=== GOAL OF THE EXERCISE ===
From the line that contains "this 1334×1500 image." to the final line of the entries below, write out every line exactly as it appears, and nothing else.

=== ENTRIES SHOWN ===
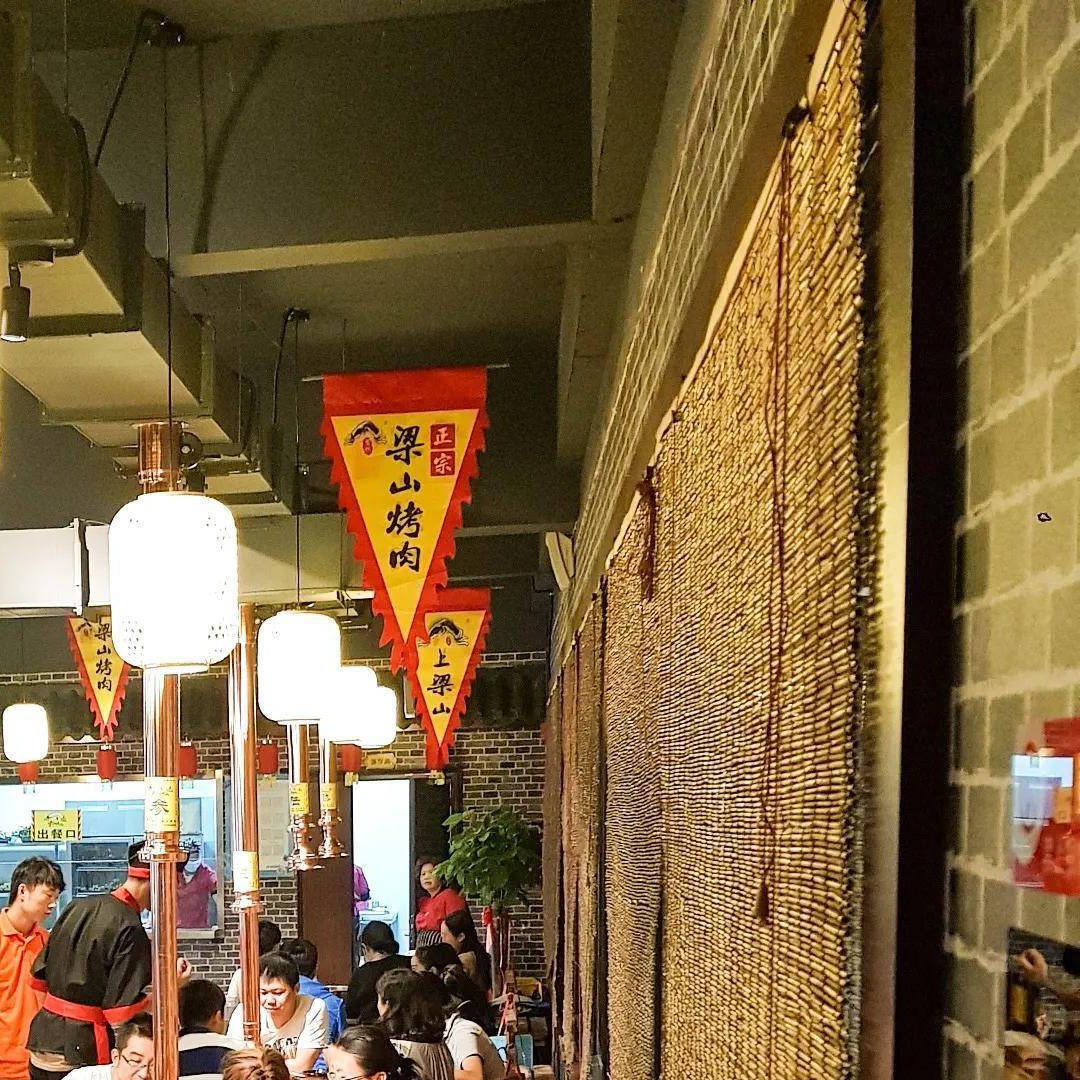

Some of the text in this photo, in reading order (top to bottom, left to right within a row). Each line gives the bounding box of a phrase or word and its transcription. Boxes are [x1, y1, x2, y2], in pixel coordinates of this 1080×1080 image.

[432, 426, 455, 475] 正宗
[385, 424, 425, 573] 梁山烤肉
[95, 623, 112, 692] 梁山烤肉
[427, 648, 454, 716] 上梁山
[37, 828, 76, 840] 出餐口
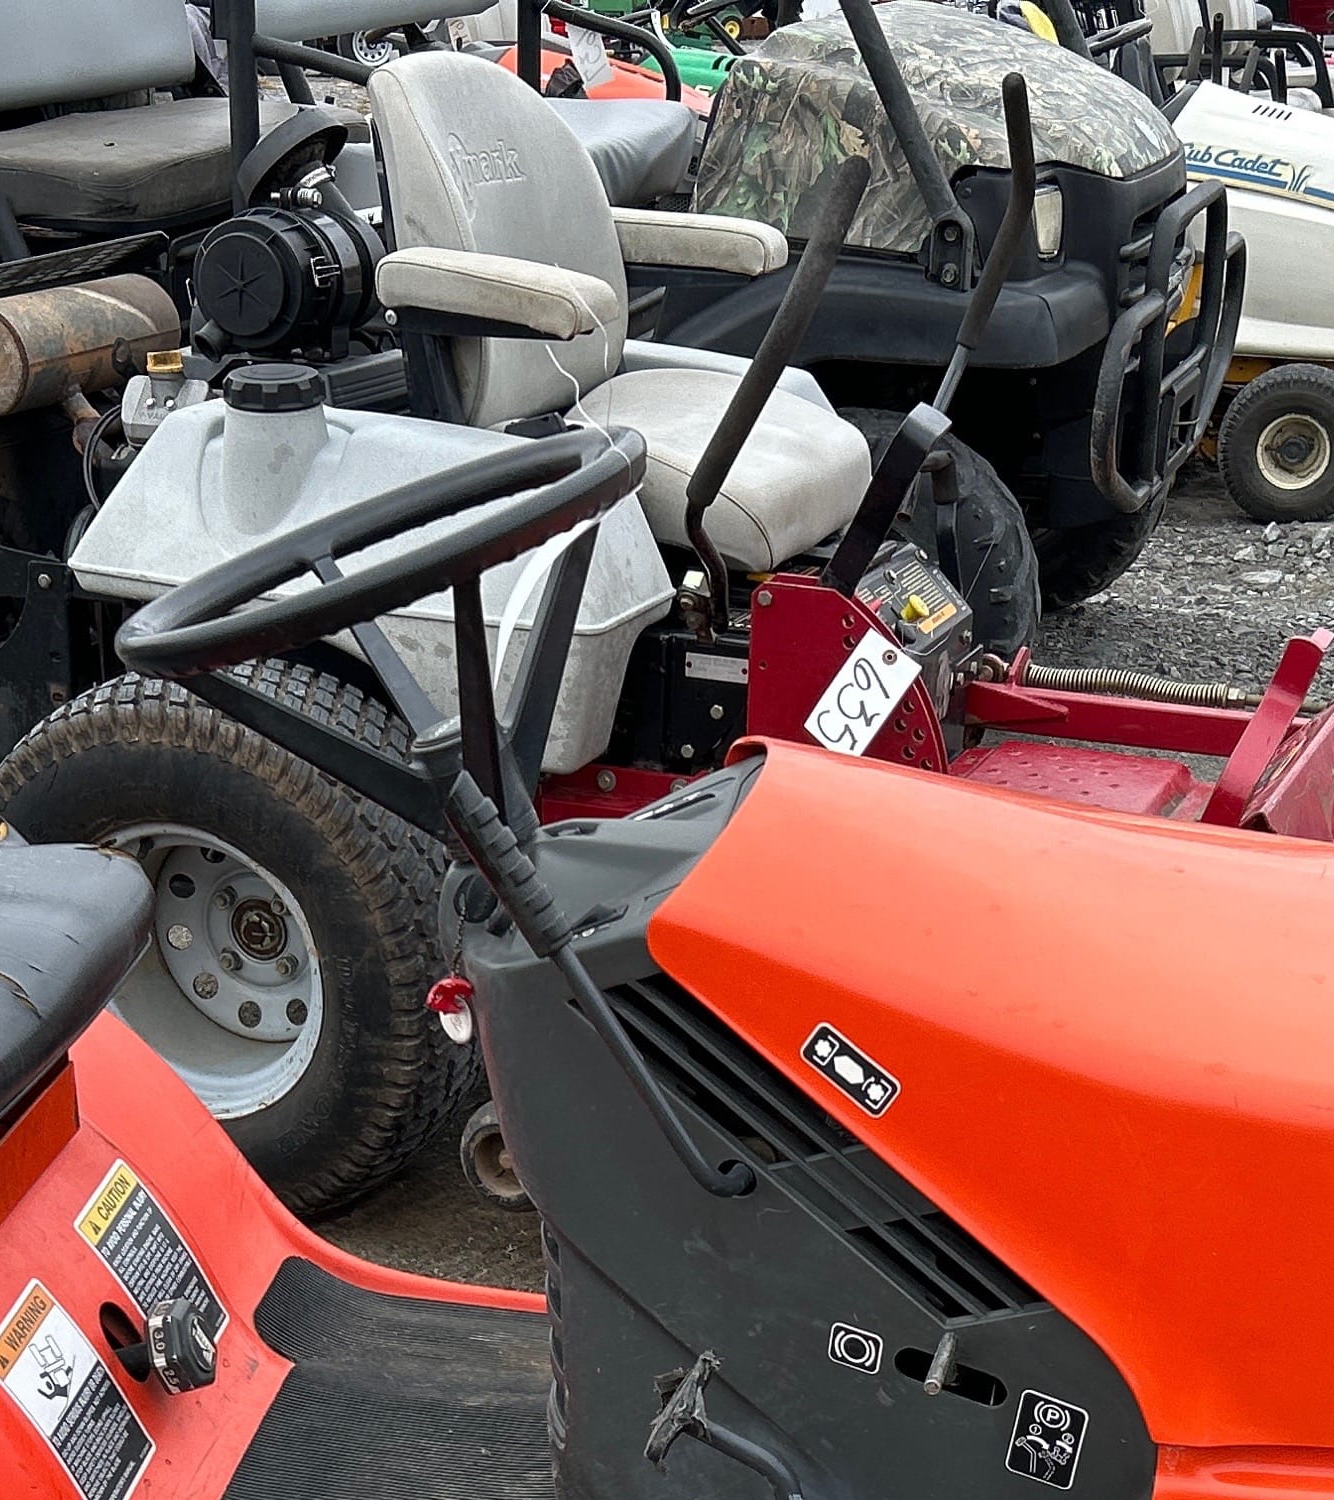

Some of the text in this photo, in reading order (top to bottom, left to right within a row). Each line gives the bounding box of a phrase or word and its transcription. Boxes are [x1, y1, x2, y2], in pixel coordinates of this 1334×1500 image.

[1213, 149, 1290, 178] Cadet
[817, 657, 890, 751] 635
[97, 1174, 131, 1221] CAUTION
[3, 1295, 47, 1352] WARNING
[153, 1327, 165, 1352] 3.0

=== RESULT FOR THIS TASK ===
Some of the text in this photo, in reading order (top to bottom, left to right within a row). Each line gives the bounding box of a phrase or word and its transcription. Boxes are [x1, y1, x2, y2], in pixel coordinates of this 1334×1500 image.

[1213, 149, 1290, 178] Cadet
[817, 657, 890, 751] 635
[97, 1174, 131, 1221] CAUTION
[3, 1295, 47, 1352] WARNING
[153, 1327, 165, 1352] 3.0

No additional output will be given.